PtL, BtL, HVO and PBtL may be used in all sectors, with equal GHG abatement. Therefore the quantities of PtL used can equally effectively be used in any of these sectors, given a remaining demand. PtL is deployed at up to 242–392 PJ in scenarios 1–3, none in scenarios 4 and 5 and 161 PJ in scenario 6. PBtL is instead of PtL deployed in scenarios 4 and 5 (max. 287 PJ), and up to 59 PJ in scenario 6.
In scenario 1, aviation is only supplied partly with renewables towards 2050, whereas passenger land transport is completely renewable by 2038, freight land transport by 2045 and maritime transport by 2050.
If the hydrogen demand is increased (scenario 2, MoreH2), more hydrogen is deployed at the cost of PtL (S2 in Fig. 5).

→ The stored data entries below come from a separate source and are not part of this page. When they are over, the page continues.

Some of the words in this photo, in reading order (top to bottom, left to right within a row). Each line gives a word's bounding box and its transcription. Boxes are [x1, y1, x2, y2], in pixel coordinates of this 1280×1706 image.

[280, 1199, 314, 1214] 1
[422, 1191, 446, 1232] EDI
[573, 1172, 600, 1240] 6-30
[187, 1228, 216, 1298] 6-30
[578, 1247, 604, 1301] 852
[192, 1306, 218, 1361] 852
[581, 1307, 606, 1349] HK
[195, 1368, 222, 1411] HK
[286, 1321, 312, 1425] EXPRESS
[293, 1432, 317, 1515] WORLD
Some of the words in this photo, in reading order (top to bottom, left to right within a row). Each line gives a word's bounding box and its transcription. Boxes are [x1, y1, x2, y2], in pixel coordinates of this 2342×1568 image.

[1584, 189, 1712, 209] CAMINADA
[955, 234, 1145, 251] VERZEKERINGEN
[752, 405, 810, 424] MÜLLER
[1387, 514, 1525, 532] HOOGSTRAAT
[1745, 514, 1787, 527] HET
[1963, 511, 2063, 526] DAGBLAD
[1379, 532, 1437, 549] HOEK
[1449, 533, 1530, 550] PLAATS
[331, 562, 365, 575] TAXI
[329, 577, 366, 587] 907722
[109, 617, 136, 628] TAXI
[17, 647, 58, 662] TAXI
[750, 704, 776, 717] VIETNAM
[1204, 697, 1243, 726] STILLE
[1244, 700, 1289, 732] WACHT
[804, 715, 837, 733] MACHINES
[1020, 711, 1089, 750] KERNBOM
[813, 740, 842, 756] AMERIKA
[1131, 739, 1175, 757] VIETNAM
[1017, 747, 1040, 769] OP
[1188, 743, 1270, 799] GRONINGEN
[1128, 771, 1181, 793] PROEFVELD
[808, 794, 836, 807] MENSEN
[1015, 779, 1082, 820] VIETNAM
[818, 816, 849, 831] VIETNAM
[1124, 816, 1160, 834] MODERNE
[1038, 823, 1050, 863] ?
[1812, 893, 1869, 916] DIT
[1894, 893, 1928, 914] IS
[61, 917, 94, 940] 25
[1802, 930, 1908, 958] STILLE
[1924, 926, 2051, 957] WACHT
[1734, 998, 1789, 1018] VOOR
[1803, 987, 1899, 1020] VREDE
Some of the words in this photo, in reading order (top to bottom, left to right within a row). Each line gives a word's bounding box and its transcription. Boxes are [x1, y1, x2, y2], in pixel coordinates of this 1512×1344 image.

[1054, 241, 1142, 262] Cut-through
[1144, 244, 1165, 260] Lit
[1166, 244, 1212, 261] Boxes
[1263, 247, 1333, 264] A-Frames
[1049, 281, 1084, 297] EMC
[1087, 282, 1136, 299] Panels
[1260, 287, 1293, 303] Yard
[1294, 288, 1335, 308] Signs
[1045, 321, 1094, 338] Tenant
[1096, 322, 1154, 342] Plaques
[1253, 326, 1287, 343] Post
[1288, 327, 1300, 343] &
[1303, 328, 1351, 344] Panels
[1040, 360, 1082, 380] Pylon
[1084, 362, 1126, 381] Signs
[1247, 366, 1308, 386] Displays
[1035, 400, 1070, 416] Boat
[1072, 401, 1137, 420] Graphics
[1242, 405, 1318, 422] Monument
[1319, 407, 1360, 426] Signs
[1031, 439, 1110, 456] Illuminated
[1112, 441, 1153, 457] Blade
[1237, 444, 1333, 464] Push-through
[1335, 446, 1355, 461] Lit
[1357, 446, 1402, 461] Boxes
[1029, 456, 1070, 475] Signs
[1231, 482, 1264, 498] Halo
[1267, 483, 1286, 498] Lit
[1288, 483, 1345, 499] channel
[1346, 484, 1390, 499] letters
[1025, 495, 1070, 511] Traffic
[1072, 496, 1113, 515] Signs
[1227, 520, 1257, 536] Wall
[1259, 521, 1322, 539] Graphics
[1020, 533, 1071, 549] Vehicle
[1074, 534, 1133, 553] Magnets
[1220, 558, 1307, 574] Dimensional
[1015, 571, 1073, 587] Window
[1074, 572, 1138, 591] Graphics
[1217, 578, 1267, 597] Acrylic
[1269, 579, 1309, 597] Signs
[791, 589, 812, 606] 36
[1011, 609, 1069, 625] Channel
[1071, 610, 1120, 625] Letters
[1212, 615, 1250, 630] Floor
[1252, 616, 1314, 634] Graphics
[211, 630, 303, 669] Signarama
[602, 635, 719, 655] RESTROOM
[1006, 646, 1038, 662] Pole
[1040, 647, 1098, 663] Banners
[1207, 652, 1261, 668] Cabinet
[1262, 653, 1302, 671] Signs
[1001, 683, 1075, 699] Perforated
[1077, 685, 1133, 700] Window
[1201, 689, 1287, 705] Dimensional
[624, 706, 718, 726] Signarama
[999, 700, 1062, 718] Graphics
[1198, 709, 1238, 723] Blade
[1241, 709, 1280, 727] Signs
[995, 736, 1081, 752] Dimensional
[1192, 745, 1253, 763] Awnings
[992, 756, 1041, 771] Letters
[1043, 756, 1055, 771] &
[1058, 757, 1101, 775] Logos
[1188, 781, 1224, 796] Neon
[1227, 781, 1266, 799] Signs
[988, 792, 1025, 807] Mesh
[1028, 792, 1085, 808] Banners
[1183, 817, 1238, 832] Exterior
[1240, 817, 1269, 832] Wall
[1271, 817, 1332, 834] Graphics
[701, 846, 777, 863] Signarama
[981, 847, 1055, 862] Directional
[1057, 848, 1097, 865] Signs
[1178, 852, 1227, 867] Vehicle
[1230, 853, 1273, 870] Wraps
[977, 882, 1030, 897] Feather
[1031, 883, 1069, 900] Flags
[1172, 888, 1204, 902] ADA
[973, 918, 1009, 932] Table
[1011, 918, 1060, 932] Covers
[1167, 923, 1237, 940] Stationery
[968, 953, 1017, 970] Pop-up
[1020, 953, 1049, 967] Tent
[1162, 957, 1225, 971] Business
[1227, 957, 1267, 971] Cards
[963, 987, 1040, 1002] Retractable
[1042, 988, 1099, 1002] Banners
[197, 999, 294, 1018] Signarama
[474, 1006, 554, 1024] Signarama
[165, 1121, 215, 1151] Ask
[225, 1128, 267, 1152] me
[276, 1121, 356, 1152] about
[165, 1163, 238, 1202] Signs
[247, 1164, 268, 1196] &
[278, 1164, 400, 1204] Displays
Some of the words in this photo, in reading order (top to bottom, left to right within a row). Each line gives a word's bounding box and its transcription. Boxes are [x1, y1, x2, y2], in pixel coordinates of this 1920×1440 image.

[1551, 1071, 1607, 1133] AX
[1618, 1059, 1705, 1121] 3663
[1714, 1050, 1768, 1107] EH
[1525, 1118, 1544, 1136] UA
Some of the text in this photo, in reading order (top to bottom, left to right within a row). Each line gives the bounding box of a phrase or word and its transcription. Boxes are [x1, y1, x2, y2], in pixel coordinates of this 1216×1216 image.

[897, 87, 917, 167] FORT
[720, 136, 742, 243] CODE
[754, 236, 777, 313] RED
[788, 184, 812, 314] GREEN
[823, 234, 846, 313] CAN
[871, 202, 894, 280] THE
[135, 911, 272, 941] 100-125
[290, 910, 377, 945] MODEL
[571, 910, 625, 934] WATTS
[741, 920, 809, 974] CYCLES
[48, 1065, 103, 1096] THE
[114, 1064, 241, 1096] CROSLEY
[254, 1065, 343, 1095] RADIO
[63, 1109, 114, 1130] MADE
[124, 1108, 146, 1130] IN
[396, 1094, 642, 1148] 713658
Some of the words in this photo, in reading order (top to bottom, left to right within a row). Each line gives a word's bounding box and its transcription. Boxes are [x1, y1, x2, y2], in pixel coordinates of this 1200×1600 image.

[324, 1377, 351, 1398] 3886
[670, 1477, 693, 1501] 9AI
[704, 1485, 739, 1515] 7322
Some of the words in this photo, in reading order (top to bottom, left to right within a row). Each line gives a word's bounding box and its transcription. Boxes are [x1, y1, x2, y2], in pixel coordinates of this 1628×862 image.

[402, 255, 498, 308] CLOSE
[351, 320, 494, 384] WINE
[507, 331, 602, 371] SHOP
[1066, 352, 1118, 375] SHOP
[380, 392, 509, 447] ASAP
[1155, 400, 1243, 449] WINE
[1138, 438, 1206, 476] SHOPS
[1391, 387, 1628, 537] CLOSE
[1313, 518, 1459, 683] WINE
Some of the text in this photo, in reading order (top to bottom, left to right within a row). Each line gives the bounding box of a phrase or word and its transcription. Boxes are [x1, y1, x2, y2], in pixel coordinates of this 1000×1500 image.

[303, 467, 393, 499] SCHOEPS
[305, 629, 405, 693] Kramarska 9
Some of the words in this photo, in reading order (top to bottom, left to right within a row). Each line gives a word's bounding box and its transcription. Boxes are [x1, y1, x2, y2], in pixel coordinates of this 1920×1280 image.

Thanks to the superior fuel economy of FCEV and thereby a reduced energy demand for the same transport service, almost the whole fuel demand can be covered renewably in this scenario.
If arable land for crops for biofuel production decreases to zero in 2050 (scenario 3, NoLand), the hydrogen demand from ERE is first fulfilled and then PtCH4 is produced and used directly as a gaseous fuel until the demand is saturated. Then, CH4 is supplied in liquefied form (LCH4) until that demand is saturated. As a last option, PtL is produced. This is determined by the GHG abatement cost and also reflects the order of conversion efficiencies (see Table 3 in the ESI†), which has a double effect on both the fuel GHG emissions as well as on the fuel costs.
If carbon capture and storage (CCS) is assumed to be a large scale option and in an LCA serves as a reference case for the CO2 used in PtL and PtCH4 processes (scenario 4, CCSBase), the option of adding hydrogen to the FT-process emerges as a lower-cost option than PtL. Thereby, the carbon contained in the feedstock supplied to the FT-process is better utilised.
If on top of this, the hydrogen upper demand is increased (scenario 5, CCSMoreH2), hydrogen is deployed at the cost of PBtL.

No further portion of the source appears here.